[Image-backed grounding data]

-=-=-

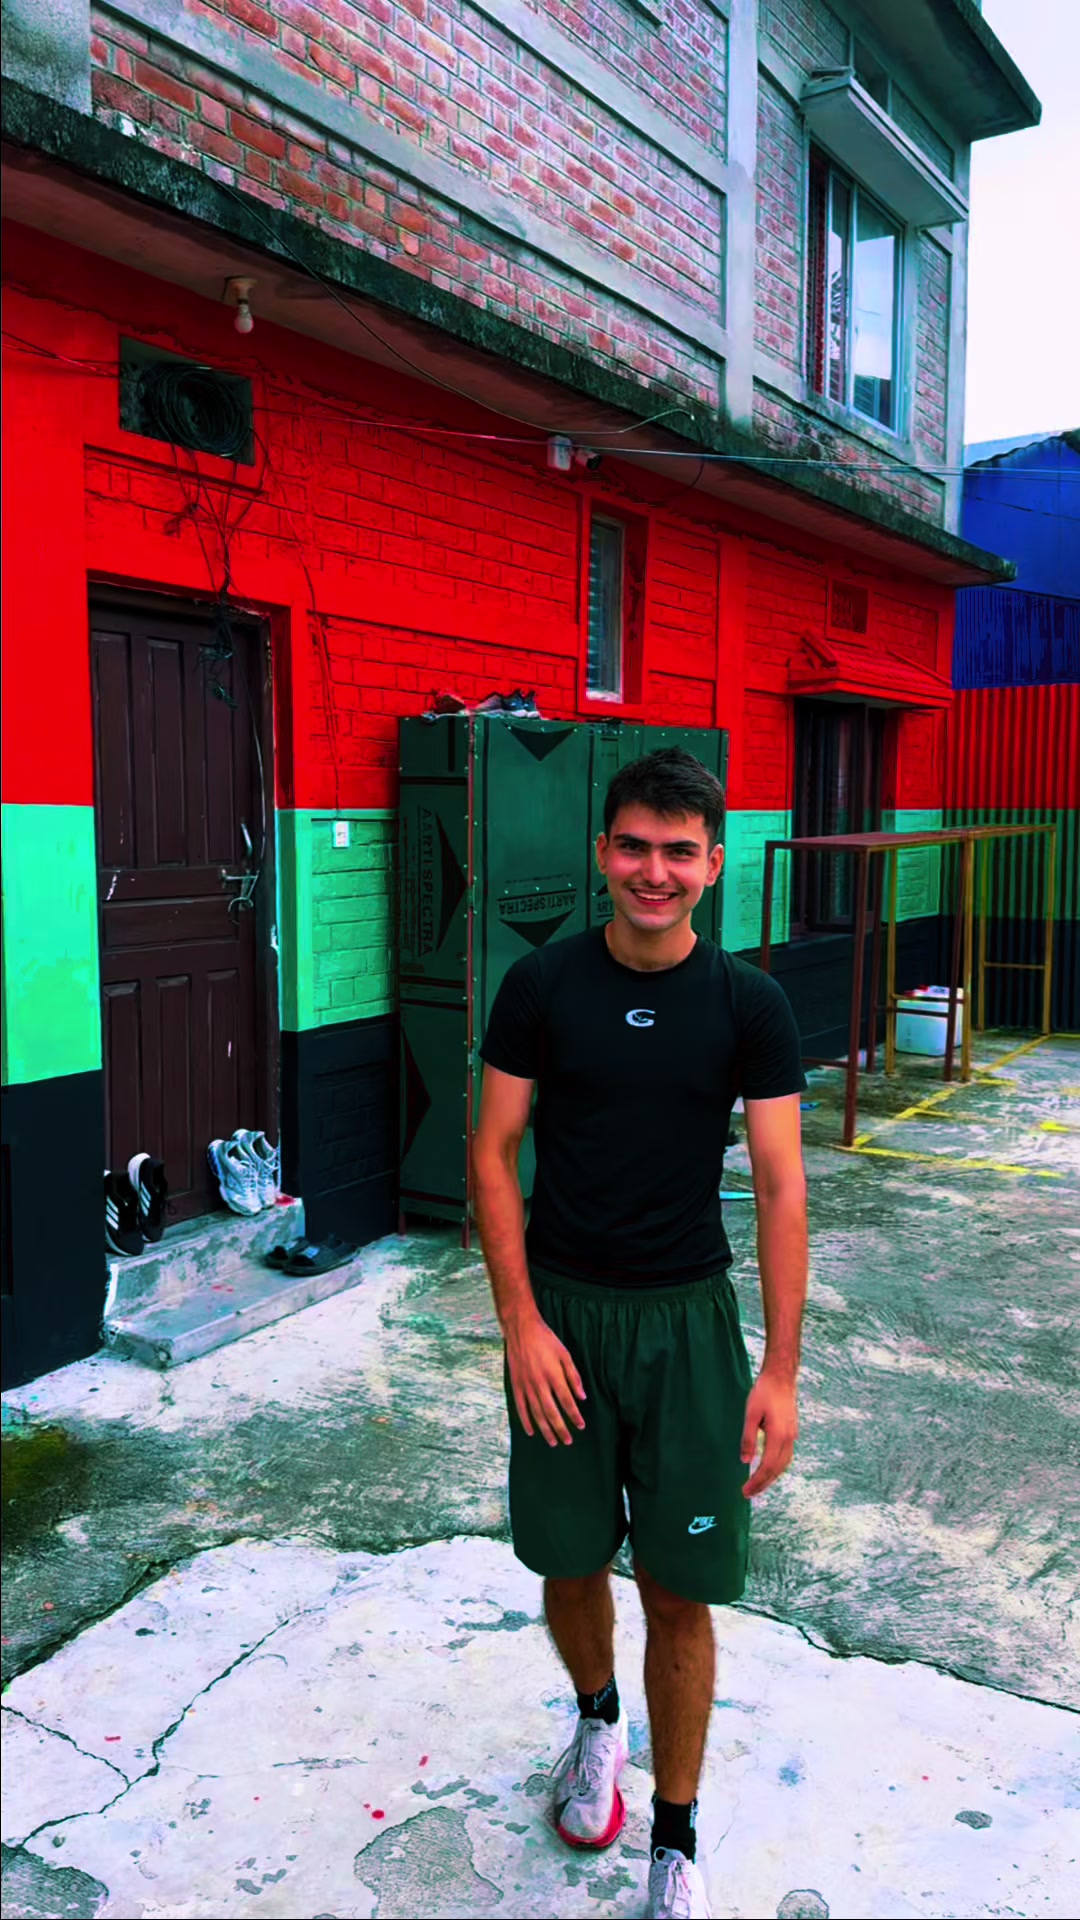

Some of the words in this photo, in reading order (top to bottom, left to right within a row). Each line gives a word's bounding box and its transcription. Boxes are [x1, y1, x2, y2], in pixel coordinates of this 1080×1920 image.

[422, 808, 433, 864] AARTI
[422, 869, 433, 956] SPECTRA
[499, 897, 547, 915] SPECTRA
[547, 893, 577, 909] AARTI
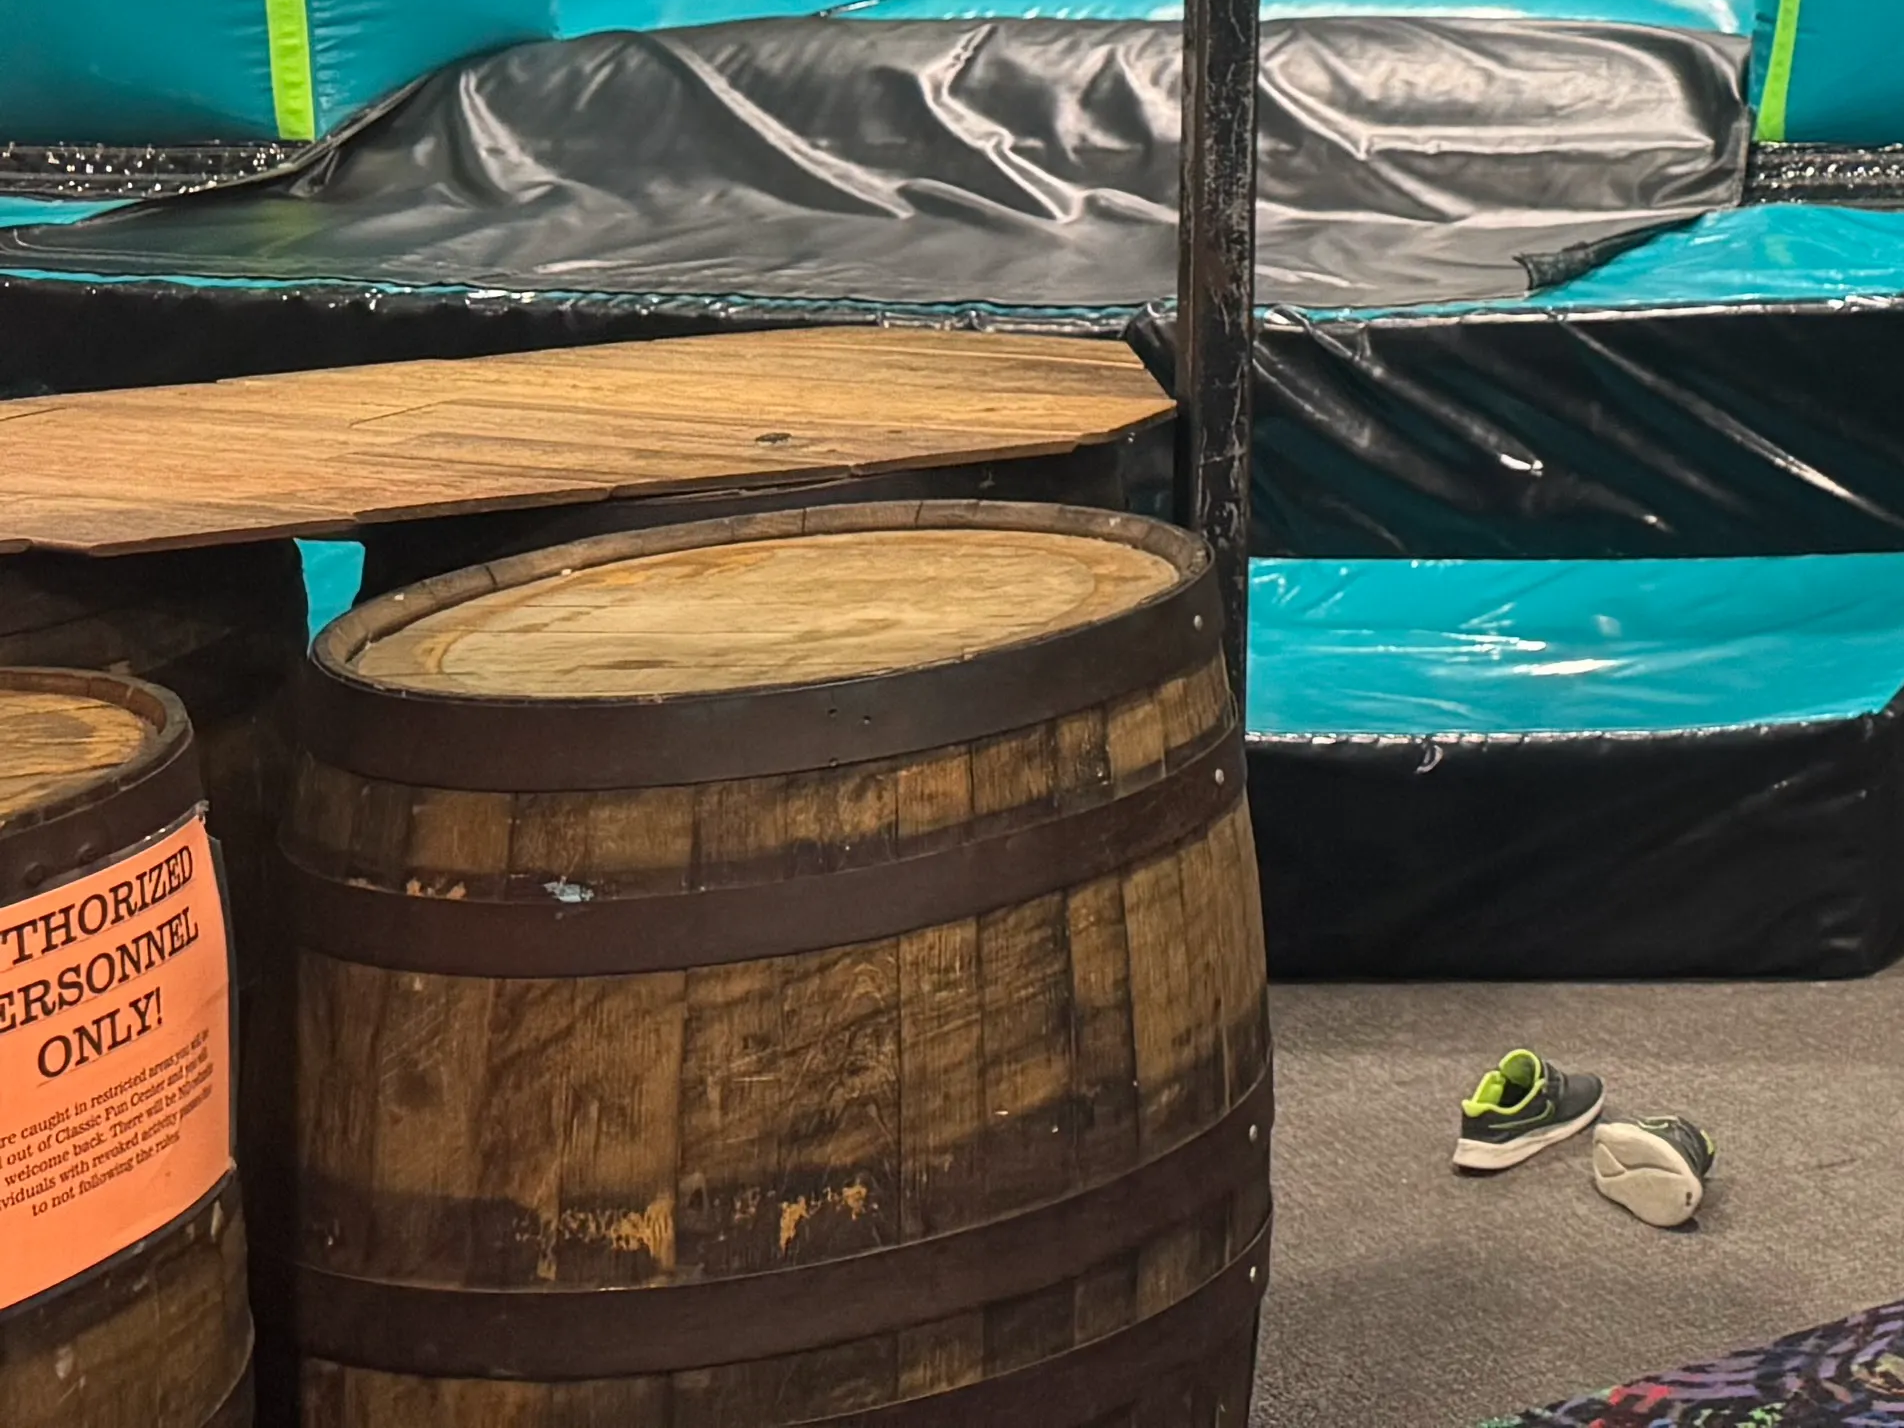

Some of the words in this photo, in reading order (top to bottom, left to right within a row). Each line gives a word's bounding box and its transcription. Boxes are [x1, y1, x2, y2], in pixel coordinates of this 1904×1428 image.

-=-=-

DIRECTIONS
Copy out every entry above exactly. Leave the pictures out.

RESULT OF THIS TASK
Some of the words in this photo, in reading order (top to bottom, left to right within a row). Each line gives a word's bounding box and its transcription. Boxes are [x1, y1, x2, y2], in pixel coordinates of this 1080×1920 image.

[422, 808, 433, 864] AARTI
[422, 869, 433, 956] SPECTRA
[499, 897, 547, 915] SPECTRA
[547, 893, 577, 909] AARTI

Some of the words in this photo, in reading order (top to bottom, left to right within a row). Each line gives a word's bounding box and its transcription. Boxes are [x1, y1, x2, y2], in pixel coordinates of this 1904×1428 image.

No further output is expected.